» What this task involves
Output each record exactly as given. Leave out every picture.

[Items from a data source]
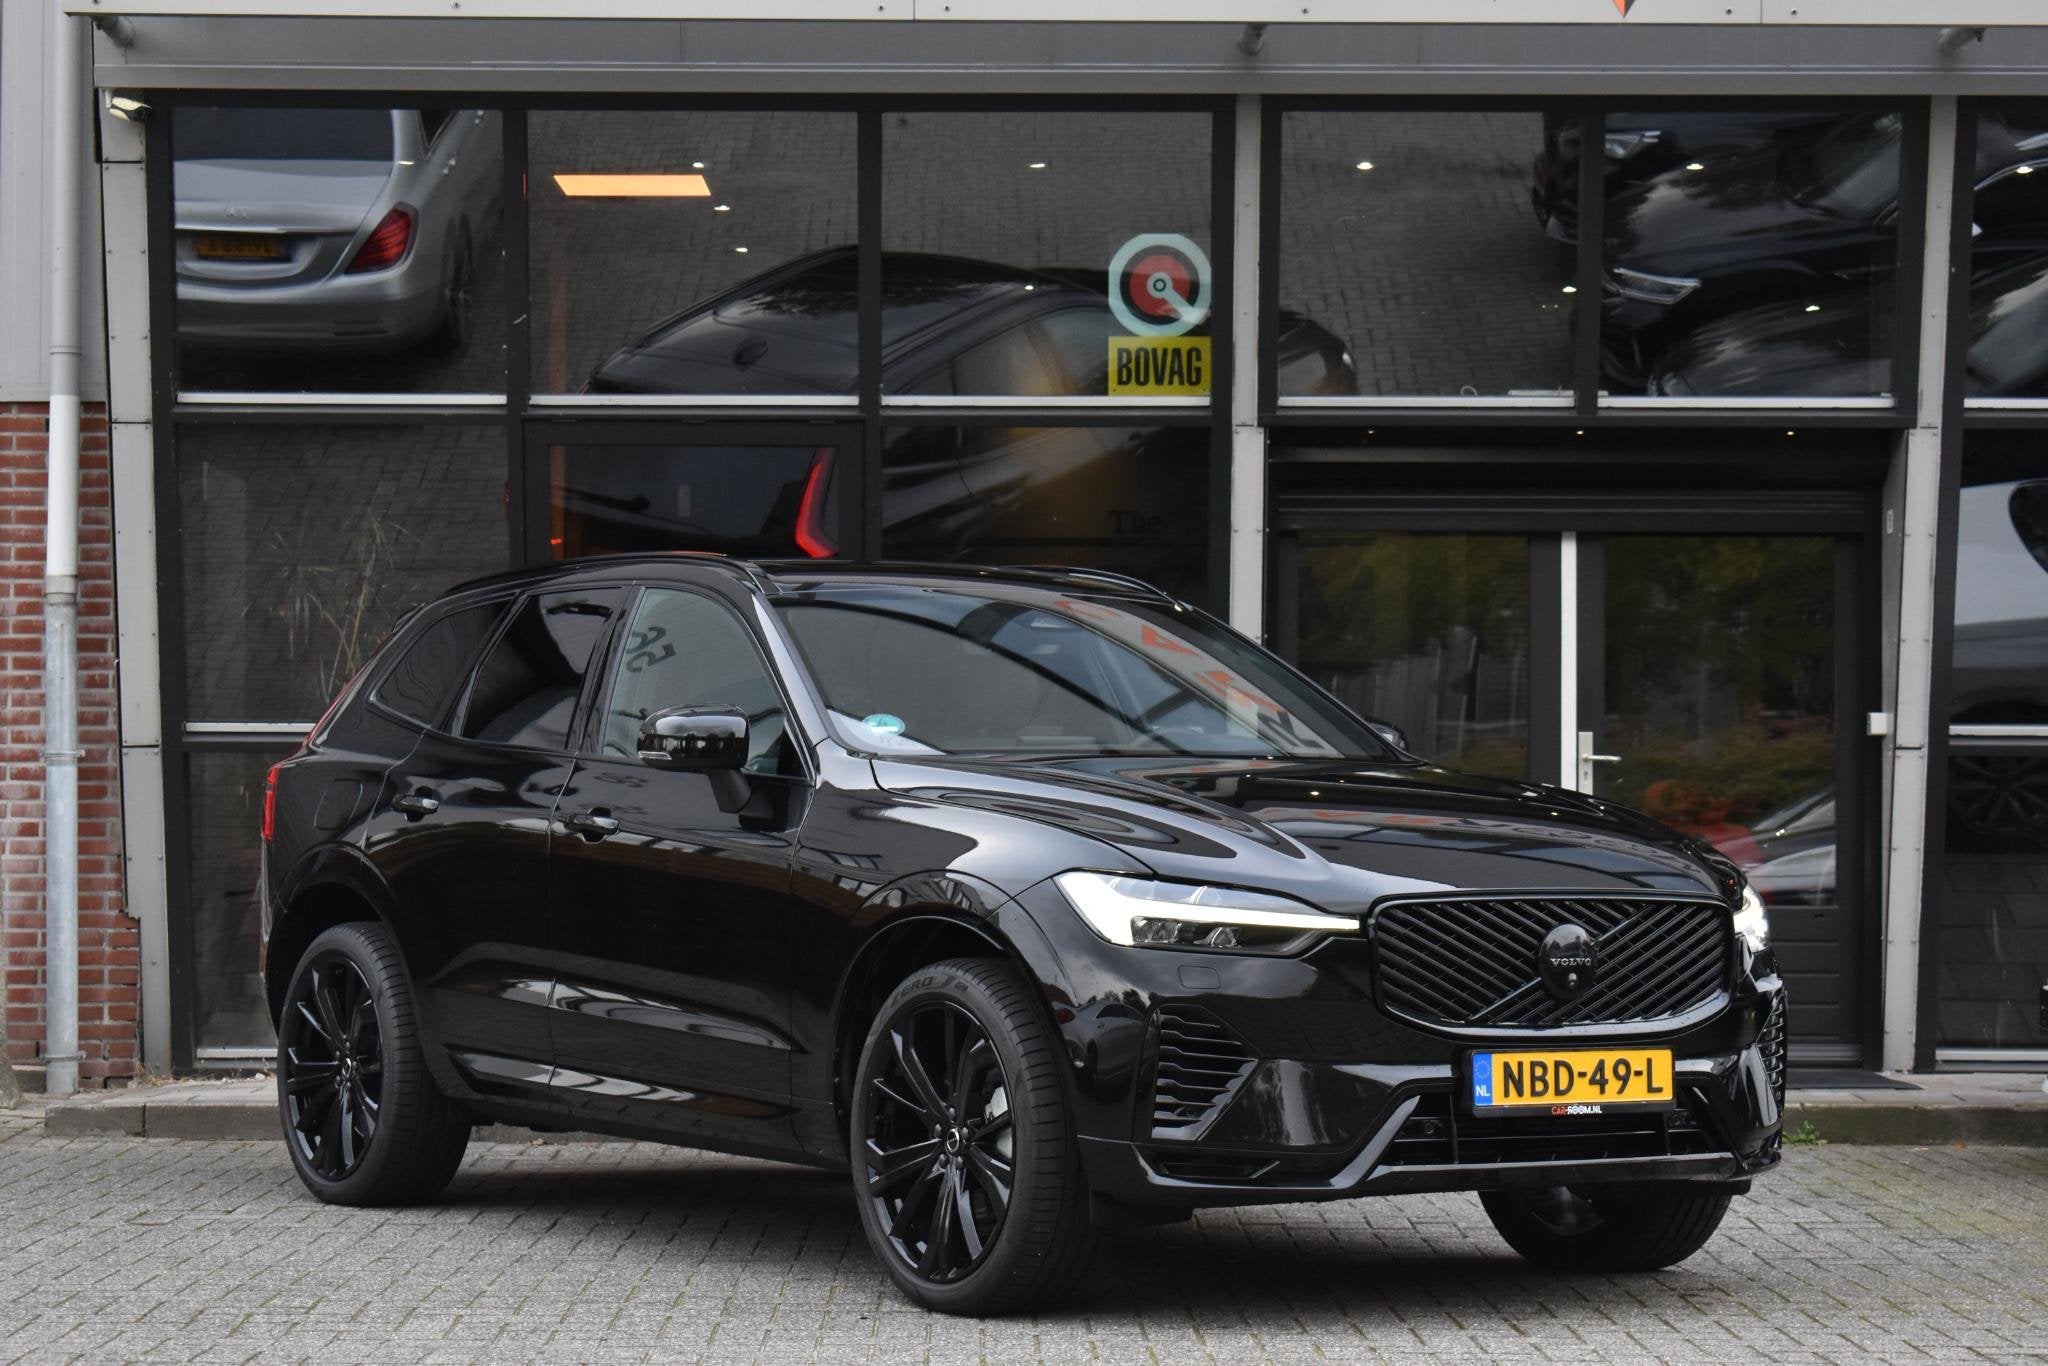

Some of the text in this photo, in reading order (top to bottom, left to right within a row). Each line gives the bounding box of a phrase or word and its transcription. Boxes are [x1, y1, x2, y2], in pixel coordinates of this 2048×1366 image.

[1117, 347, 1202, 387] BOVAG
[1550, 957, 1592, 967] VOLVO
[1503, 1057, 1664, 1098] NBD-49-L
[1475, 1085, 1491, 1097] NL
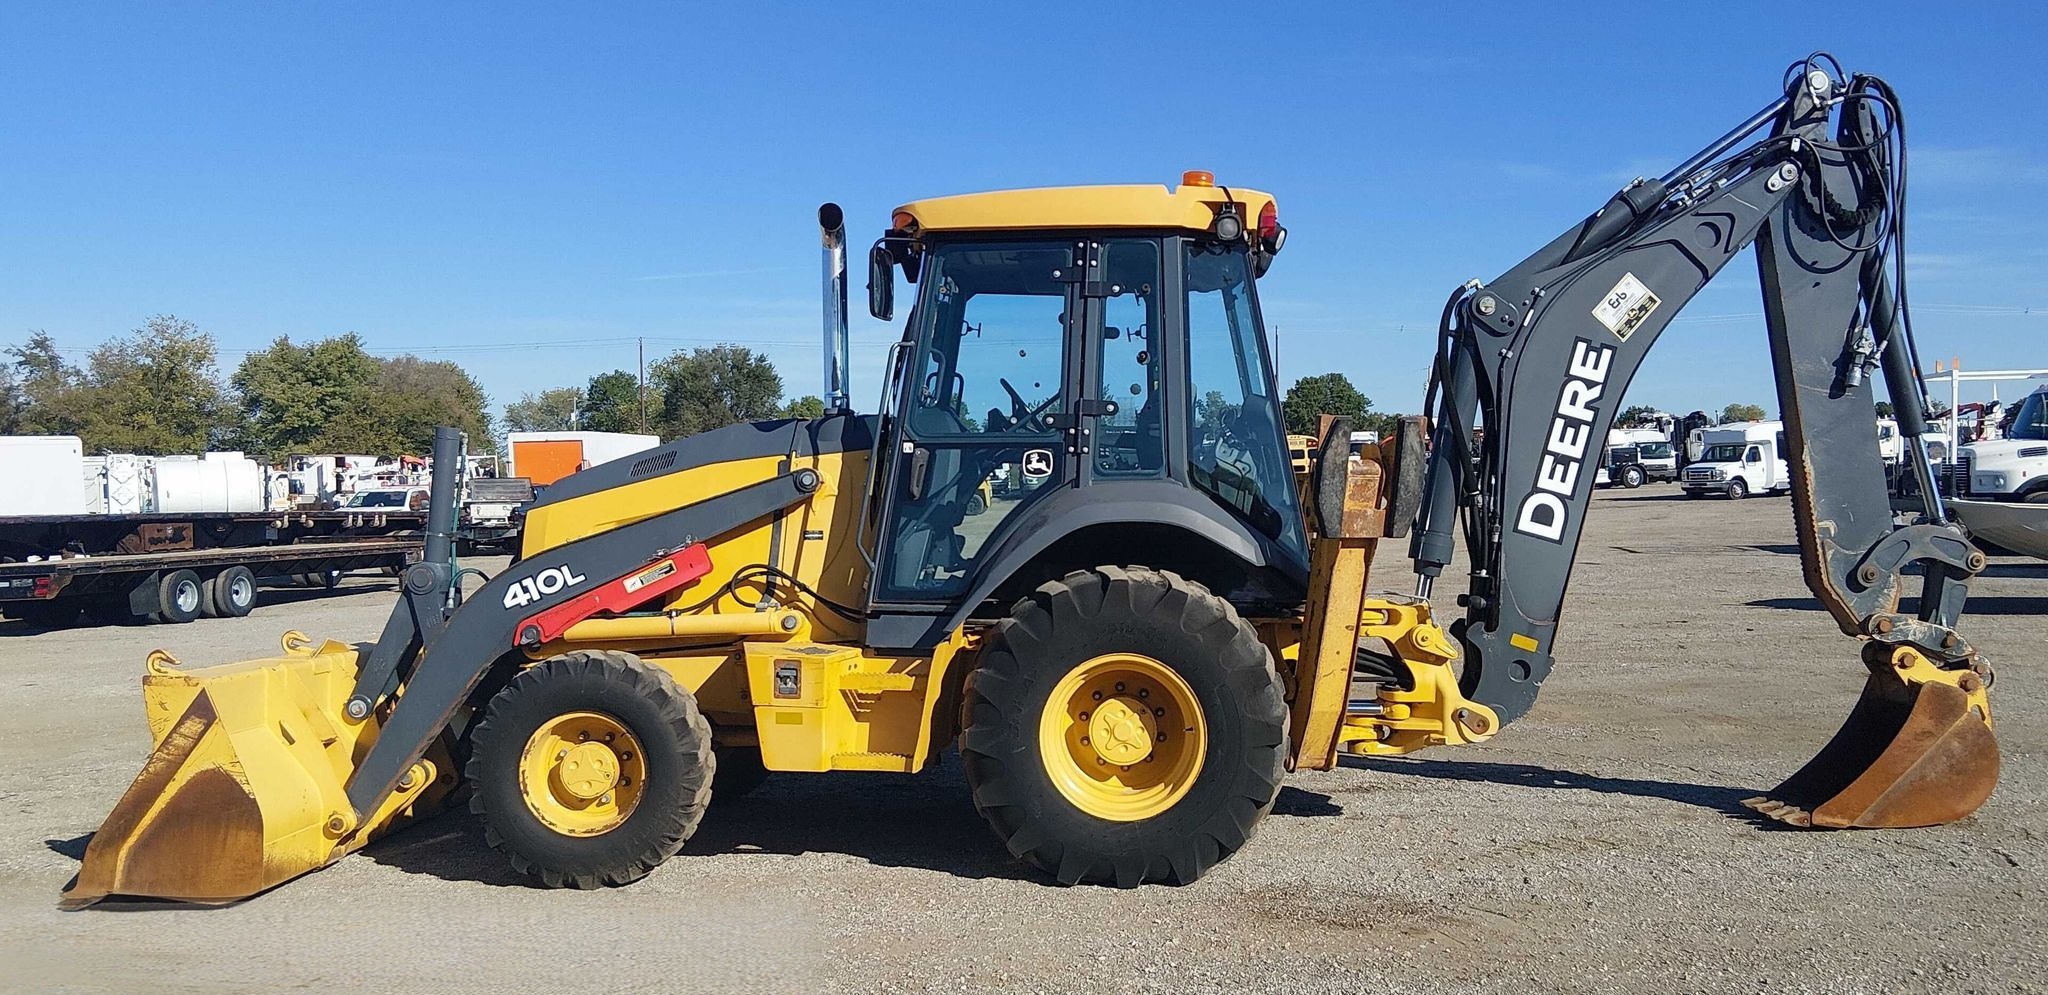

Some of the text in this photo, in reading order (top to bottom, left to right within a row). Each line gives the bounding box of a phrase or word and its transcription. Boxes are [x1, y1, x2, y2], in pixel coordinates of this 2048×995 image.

[1607, 292, 1627, 309] Erb
[1517, 341, 1613, 541] DEERE
[503, 564, 586, 609] 410L

» Answer
Some of the text in this photo, in reading order (top to bottom, left to right within a row). Each line gives the bounding box of a phrase or word and its transcription. Boxes are [x1, y1, x2, y2], in pixel coordinates of this 2048×1366 image.

[1117, 347, 1202, 387] BOVAG
[1550, 957, 1592, 967] VOLVO
[1503, 1057, 1664, 1098] NBD-49-L
[1475, 1085, 1491, 1097] NL

Some of the text in this photo, in reading order (top to bottom, left to right within a row). Each line gives the bounding box of a phrase or word and its transcription. Boxes are [x1, y1, x2, y2], in pixel coordinates of this 2048×995 image.

[1607, 292, 1627, 309] Erb
[1517, 341, 1613, 541] DEERE
[503, 564, 586, 609] 410L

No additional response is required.